Delta varyantıyla birlikte ağır bakımlarda iki doz Sinovac’lı hasta sayısında da artış olduğuna dikkat çeken Prof. Dr. Yiyit, kelamlarını şöyle sürdürdü:
“Şu an ağır bakımlarda iki doz Sinovac olmuş hastalarımızın sayısı her geçen gün artıyor. Bunun en değerli sebebi de, bu hastaların üçüncü doz vakti geldiği halde yaptırmamış olması. Birinci iki dozlarını oldular, üzerinden uzun bir mühlet geçti ve antikorları düşmeye başladı. Bu küme, birinci başı olan kümede biliyorsunuz ve yüksek riskli küme. 65 yaş üzeri, ek hastalığı olanlar. Kendilerini iki doz aşının hala kurduğunu düşünüyorlar. O yüzden de rahat hareket ediyorlar. Aşıların tesirinin geçtiğinin farkında değiller. Üzerine yaş ve ek hastalıklar da eklendiği için, ağır bakım hadiselerinde bu küme artmaya başladı. Bu kümenin bir an evvel aşılanması lazım. Sonbahar mevsimi onların makûs haberlerini duyacağımız bir mevsime dönmesin lütfen. Şu an en riskli kümemiz öncelikle aşısızlar (ağırlıkla genç grup). Başkası de iki doz Sinovac olup üçüncü dozunun vaktinin geldiğinden hala bihaber olan 65 yaş üzeri riskli küme. Bu iki kümesi şiddetle uyarıyorum, lütfen aşılarımızı olalım, ağır bakımlarımız ve servislerimiz bu sayede boş kalmaya devam etsin”

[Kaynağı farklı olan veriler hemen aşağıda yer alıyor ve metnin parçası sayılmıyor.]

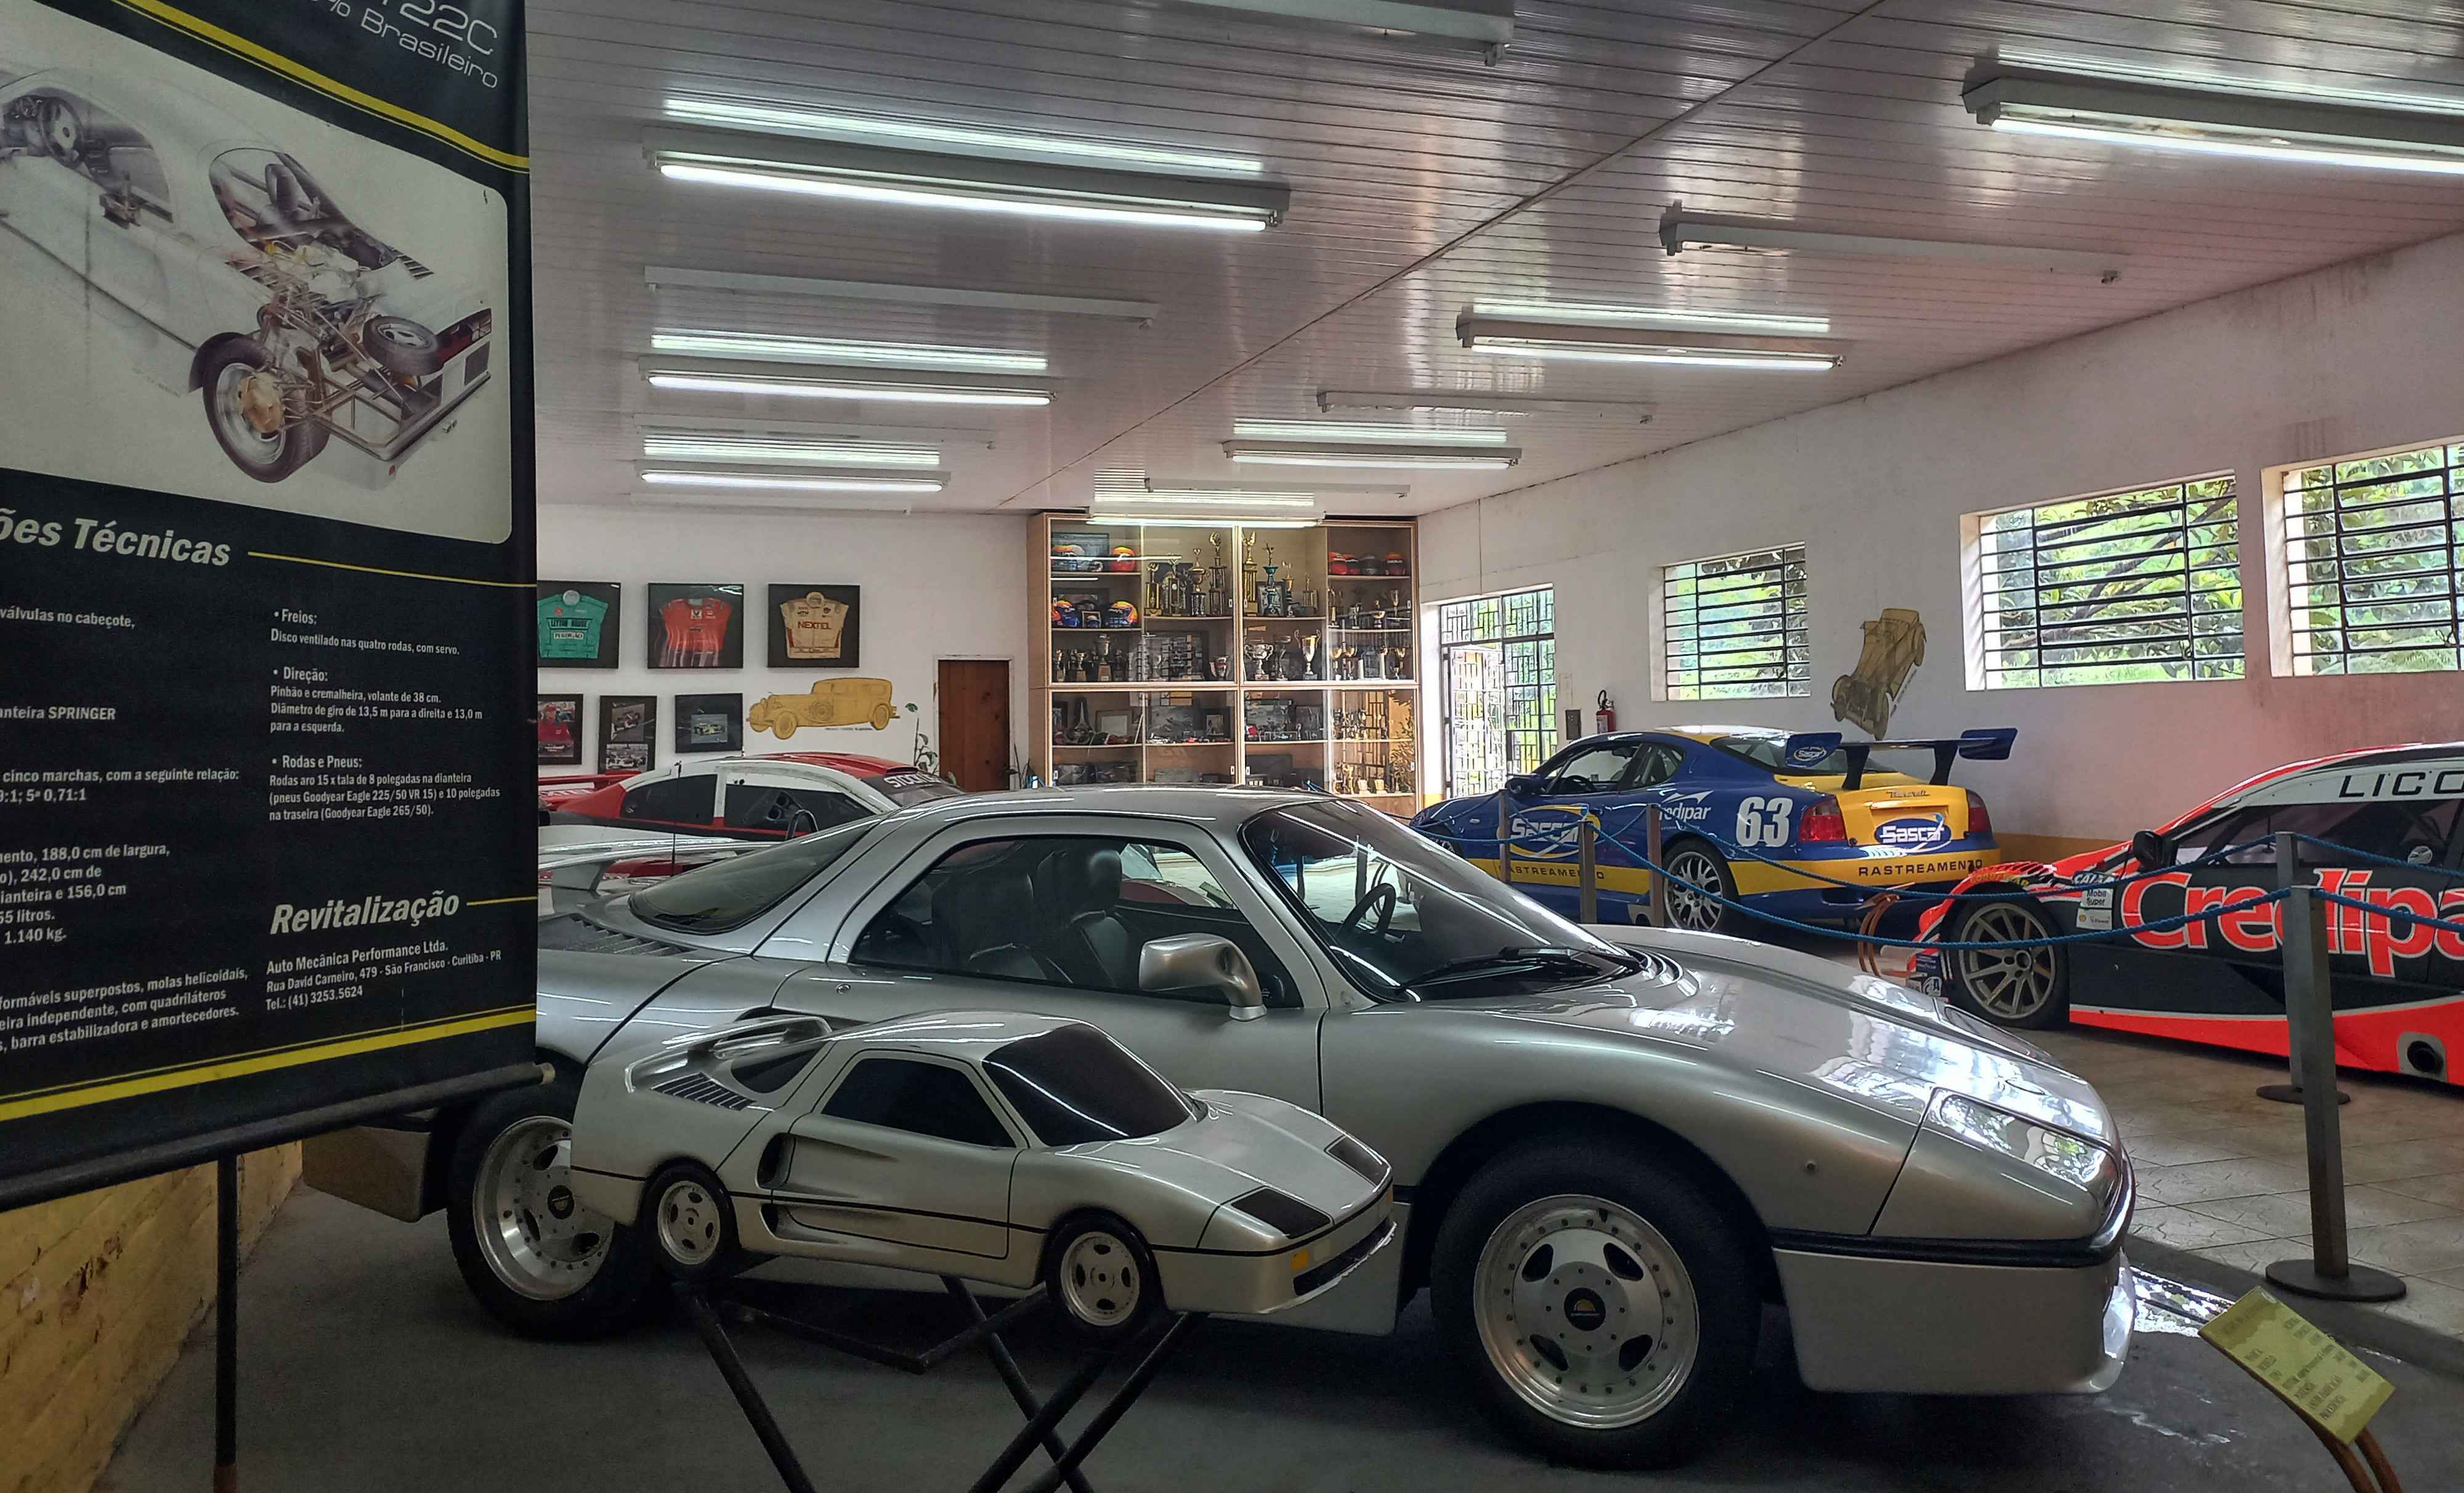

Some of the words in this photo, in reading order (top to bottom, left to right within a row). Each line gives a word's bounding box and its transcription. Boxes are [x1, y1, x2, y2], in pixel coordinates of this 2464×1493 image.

[381, 0, 498, 55] 22C
[360, 7, 498, 89] Brasileiro
[0, 508, 63, 546] ões
[74, 517, 231, 567] Técnicas
[0, 605, 54, 622] válvulas
[57, 612, 73, 623] no
[75, 612, 136, 629] cabeçote,
[798, 620, 832, 629] NEXTEL
[270, 628, 298, 643] Disco
[299, 634, 339, 647] ventilado
[341, 638, 357, 648] nas
[358, 639, 386, 651] quatro
[387, 641, 415, 653] rodas,
[416, 644, 434, 653] com
[435, 646, 460, 655] servo.
[283, 666, 328, 684] Direção:
[270, 685, 303, 698] Pinhão
[304, 689, 310, 698] e
[312, 689, 366, 703] cremalheira,
[367, 690, 399, 702] volante
[400, 691, 411, 702] de
[413, 692, 425, 703] 38
[426, 694, 442, 703] cm.
[47, 706, 116, 720] SPRINGER
[270, 702, 314, 715] Diâmetro
[314, 704, 326, 716] de
[326, 705, 344, 718] giro
[345, 705, 357, 716] de
[359, 706, 378, 719] 13,5
[379, 709, 388, 718] m
[389, 709, 410, 720] para
[411, 710, 417, 718] a
[418, 708, 445, 719] direita
[447, 710, 453, 719] e
[455, 708, 474, 720] 13,0
[474, 711, 483, 719] m
[270, 722, 292, 734] para
[293, 723, 299, 732] a
[301, 721, 345, 735] esquerda.
[282, 755, 316, 769] Rodas
[317, 758, 325, 768] e
[2, 769, 39, 783] cinco
[42, 769, 103, 783] marchas,
[105, 771, 132, 782] com
[134, 771, 142, 781] a
[144, 768, 194, 783] seguinte
[196, 767, 240, 783] relação:
[269, 774, 299, 787] Rodas
[300, 777, 315, 786] aro
[317, 774, 329, 786] 15
[330, 777, 336, 785] x
[337, 774, 355, 785] tala
[356, 774, 367, 785] de
[369, 774, 375, 785] 8
[376, 773, 421, 787] polegadas
[422, 775, 433, 784] na
[434, 772, 472, 783] dianteira
[269, 792, 301, 806] (pneus
[303, 791, 346, 804] Goodyear
[346, 790, 371, 803] Eagle
[371, 789, 407, 803] 225/50
[408, 788, 420, 799] VR
[422, 788, 437, 801] 15)
[446, 788, 457, 799] 10
[458, 787, 501, 801] polegadas
[269, 811, 282, 821] na
[283, 809, 319, 820] traseira
[320, 807, 366, 822] (Goodyear
[367, 806, 391, 819] Eagle
[1658, 802, 1712, 823] redipar
[1736, 796, 1793, 848] 63
[1879, 825, 1945, 844] Sascar
[41, 846, 81, 862] 188,0
[83, 848, 102, 859] cm
[105, 845, 121, 857] de
[123, 844, 171, 859] largura,
[20, 867, 61, 883] 242,0
[63, 869, 83, 880] cm
[86, 865, 102, 878] de
[1499, 865, 1604, 880] STREAMEO
[0, 888, 52, 904] ianteira
[55, 889, 63, 900] e
[67, 883, 105, 899] 156,0
[107, 884, 127, 896] cm
[16, 908, 55, 923] litros.
[270, 889, 460, 935] Revitalização
[4, 928, 44, 945] 1.140
[266, 960, 293, 975] Auto
[296, 952, 349, 971] Mecânica
[352, 945, 421, 963] Performance
[423, 939, 448, 953] Ltda.
[266, 981, 285, 993] Rua
[287, 975, 313, 990] David
[315, 970, 358, 985] Carneiro,
[359, 966, 378, 979] 479
[384, 963, 403, 976] São
[404, 958, 445, 973] Francisco
[452, 953, 484, 966] Curitiba
[490, 950, 501, 961] PR
[0, 990, 61, 1010] formáveis
[63, 982, 144, 1003] superpostos,
[147, 976, 183, 992] molas
[185, 967, 248, 986] helicoidais,
[26, 1008, 119, 1028] independente,
[121, 1001, 147, 1013] com
[150, 989, 227, 1012] quadriláteros
[288, 993, 309, 1010] (41)
[11, 1034, 46, 1050] barra
[48, 1020, 139, 1044] estabilizadora
[140, 1019, 149, 1030] e
[151, 1005, 240, 1029] amortecedores.

Çocuklara 12 yaş üzerine aşı hakkı tanınmasıyla ilgili durumu da kıymetlendiren Prof. Dr. Yiyit, “Kronik ve altta yatan hastalığı olan 12 yaş üzeri çocuklara” aşı hakkı açıldığına işaret ederek, bunun dışındakilerde 15 yaş üzeri çocuklara aşı hakkının tanındığını söyledi. Prof. Dr. Yiyit, “Çocuklarımız gözbebeğimiz, onları korumak istiyoruz. Ülkedeki bağışıklık oranının da artırılması istiyoruz. Bu manada da Bilim Heyeti olarak dünyadaki dataları göz önünde bulundurup birtakım düzenlemeler önerdik. Kronik hastalığı olan 12 yaş üzerindeki bütün çocuklara aşılamanın yolu açıldı. Dünya’da birçok ülke şu anda 12 yaş üzerini zati aşılıyor. Ancak biz tekrar de biraz temkinli bir ülke olarak 15 yaş üzerine aşıyı açtık. 12 yaş içinse altta yatan kronik hastalık kuralı getirildi, iki doz aşı halinde açıldı takvim. Maksat Eylül ayı gelmeden çok büyük bir bağışıklık oluşturmak ve çocuklarına eğitim ve hayatının sekteye uğratmadan yürütülmesi” diyerek kelamlarını noktaladı.